With the aid of Andy he began the secret wiring of the plane in such a way that the wires could be charged without danger of damage to any of the vital parts of the plane—and it may be said here that practically every part of an aeroplane not only is essentially vital, but vitally essential.
When Jack returned, rather breathless from lugging a load that a weaker man could not have managed, they carefully wrapped the battery box in an oilcloth tarpaulin, to prevent any damage to it from the dampness of the ground, then buried it with only the wires protruding, and with still a layer of two inches of dirt to be put on after a single small cable of many insulated strands had been attached.
Fred then took a length of heavy ordinary hemp rope, a little longer than sufficient to reach from one of the bracing wires to the ground. From this bracing wire he directly and indirectly connected up every metallic part of the aeroplane, except the engine.

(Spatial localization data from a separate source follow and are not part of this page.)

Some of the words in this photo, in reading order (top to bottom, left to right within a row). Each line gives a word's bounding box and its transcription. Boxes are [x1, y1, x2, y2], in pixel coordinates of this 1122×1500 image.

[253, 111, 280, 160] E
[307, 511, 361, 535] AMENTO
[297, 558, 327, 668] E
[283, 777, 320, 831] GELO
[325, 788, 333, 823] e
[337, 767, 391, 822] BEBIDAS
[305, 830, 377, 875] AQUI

He then heated a small straight iron rod almost white hot, and, with a bucket of water close at hand, forced the hot rod through the center of the strand of rope, immediately dropping the latter into the bucket to prevent it from burning through.
By this time his scheme was becoming apparent. He ran the cable of wire through the rope, attached one end to the batteries, then completed their concealment and finally hung the strand of rope over the fusilage of the plane as though it had been carelesslytossed there, but with a complete connection established.

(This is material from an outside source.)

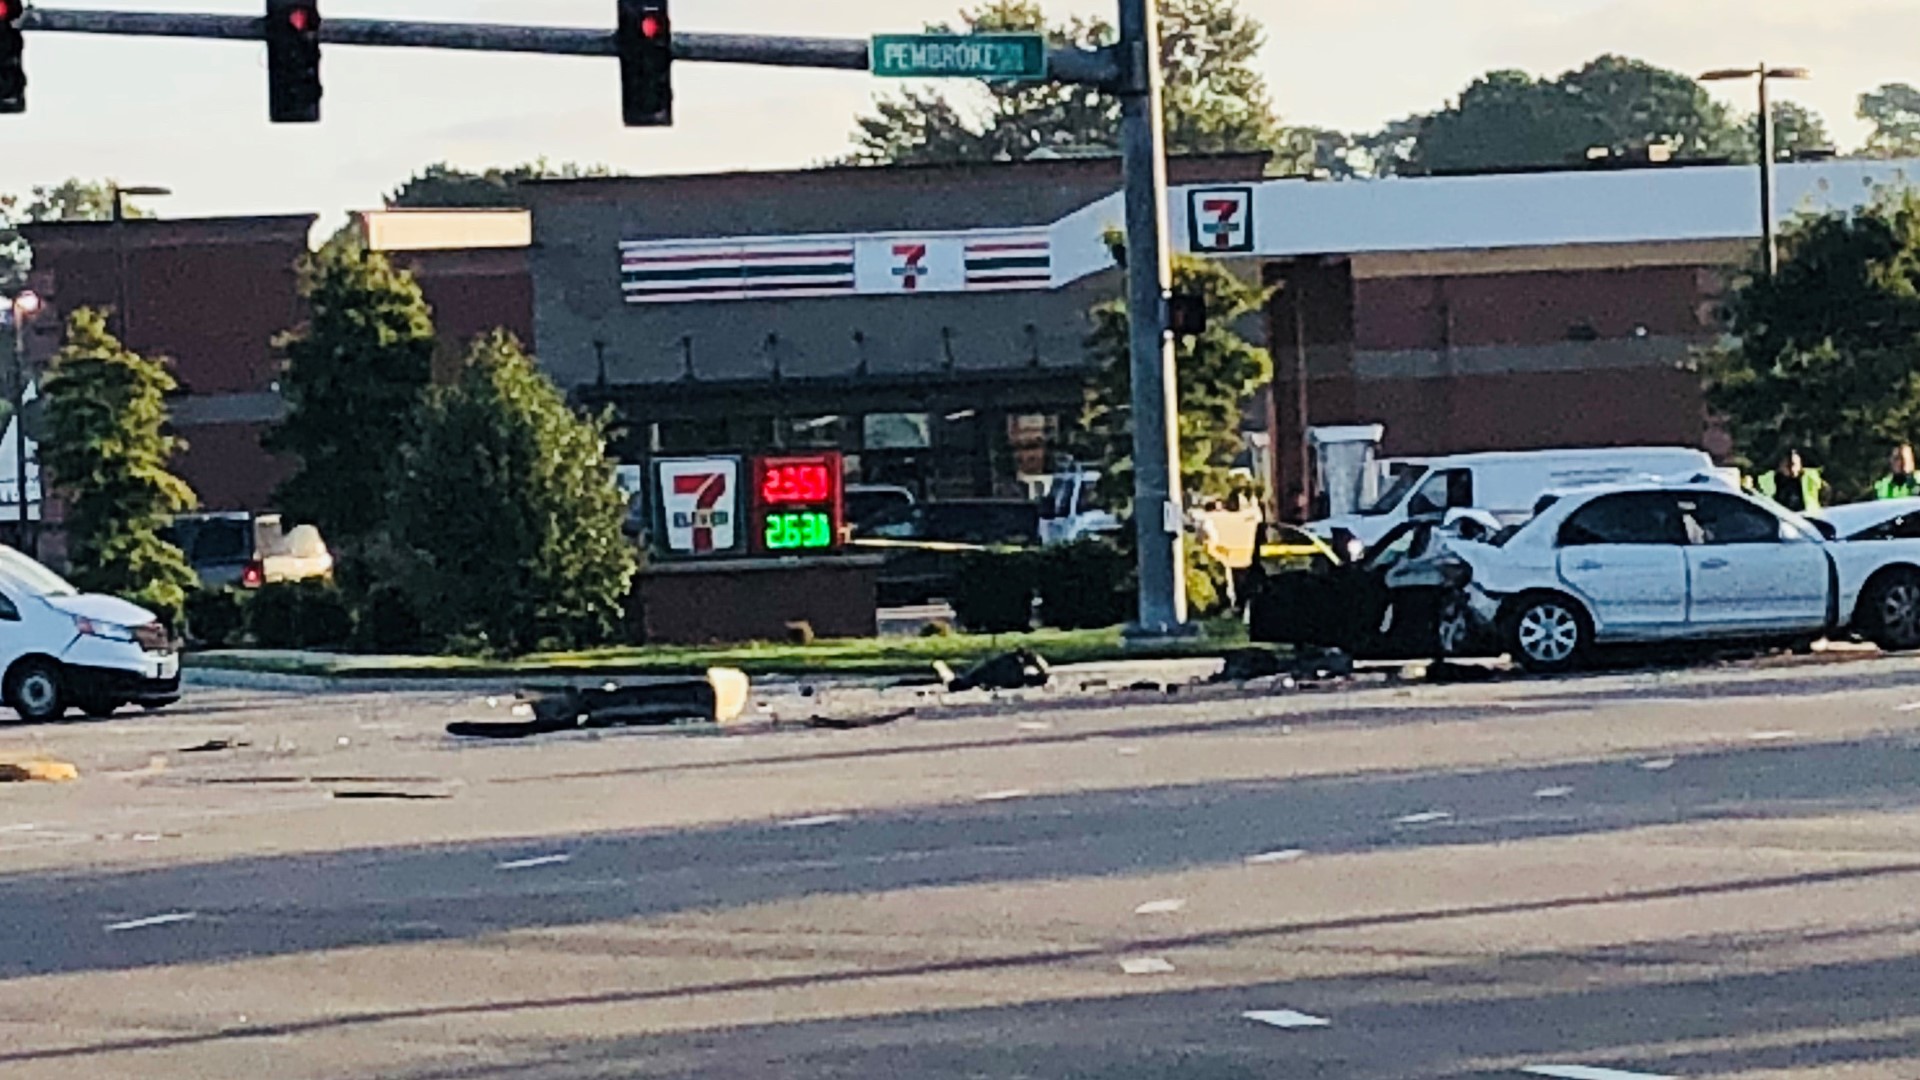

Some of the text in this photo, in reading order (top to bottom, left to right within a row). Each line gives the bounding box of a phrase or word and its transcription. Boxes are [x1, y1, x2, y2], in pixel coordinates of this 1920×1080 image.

[883, 42, 998, 71] PEMBROKE
[1203, 199, 1239, 247] 7
[891, 244, 926, 289] 7
[673, 473, 726, 554] 7

No one, without picking the rope up for careful examination, could possibly have detected or even suspected its purpose. It just looked as though it had been left there for no particular purpose whatever.
Fred then went to the engine, did a few secret tricks that he knew of there, and then turned on the battery switch of the plane.

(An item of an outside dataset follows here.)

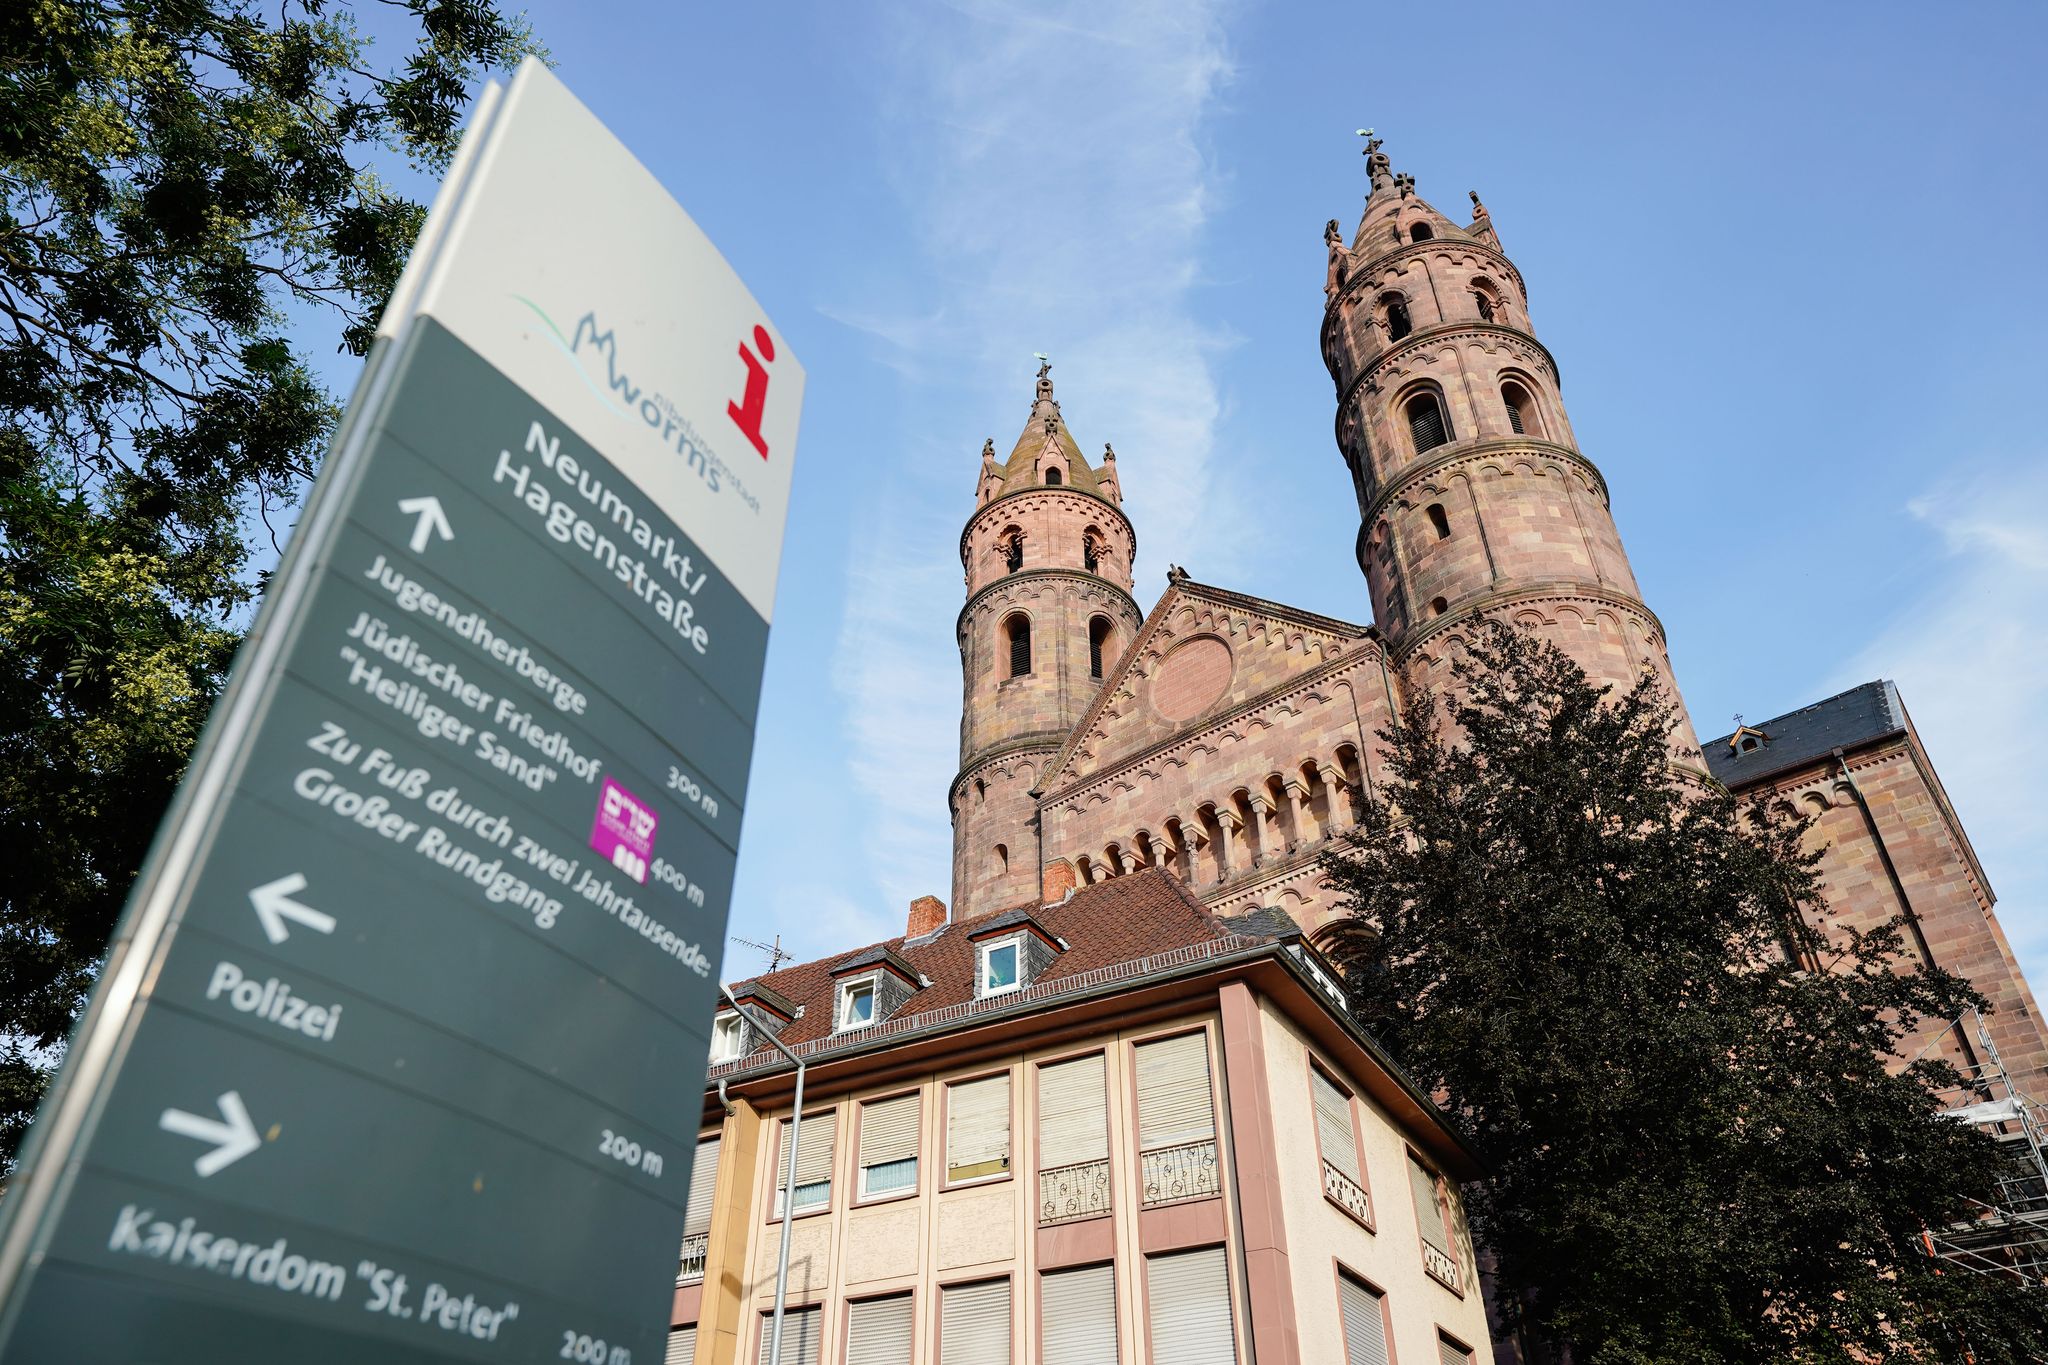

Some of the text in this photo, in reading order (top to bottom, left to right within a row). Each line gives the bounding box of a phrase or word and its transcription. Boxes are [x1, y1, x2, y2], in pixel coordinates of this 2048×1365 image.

"Now," he said, "I think the trap's all set for our friend, the enemy. Let us hope he walks into it."
He gathered up all the tools and implements with which he had been working, carefully replaced them where they belonged, with his own hands again smoothed off the ground where the auxiliary battery box had been buried, and then, with a final survey of his surroundings and a gentle pat or two to the rope, pronounced their work completed.
"Let's go eat," said Big Jack. They started for the hangar, but had gotten but a few feet away when he halted.
"What's up now?" Don demanded.
"Forgot my pipe; be with you in a second," Big Jack answered, and returned to the hangar.
An instant later there was a loud and sudden masculine howl.
The others jumped in consternation, but Fred merely grinned. "Forgot it was loaded, I suppose," he said, as they retraced their steps.
"Holy Christmas," gasped the big pilot as they entered. He was tenderly rubbing his right arm and hand. "I got it first," he grinned. "Fool-like, laid my hand right on one of the wires in reaching for my pipe. I'll say you've connected up the juice, all right. Enough there to run a trolley car."
Fred, however, was not listening. He was at the doorway, looking in all directions. "I guess you didn't give it away," he said, "but you sure yelled like a stuck Dutchman."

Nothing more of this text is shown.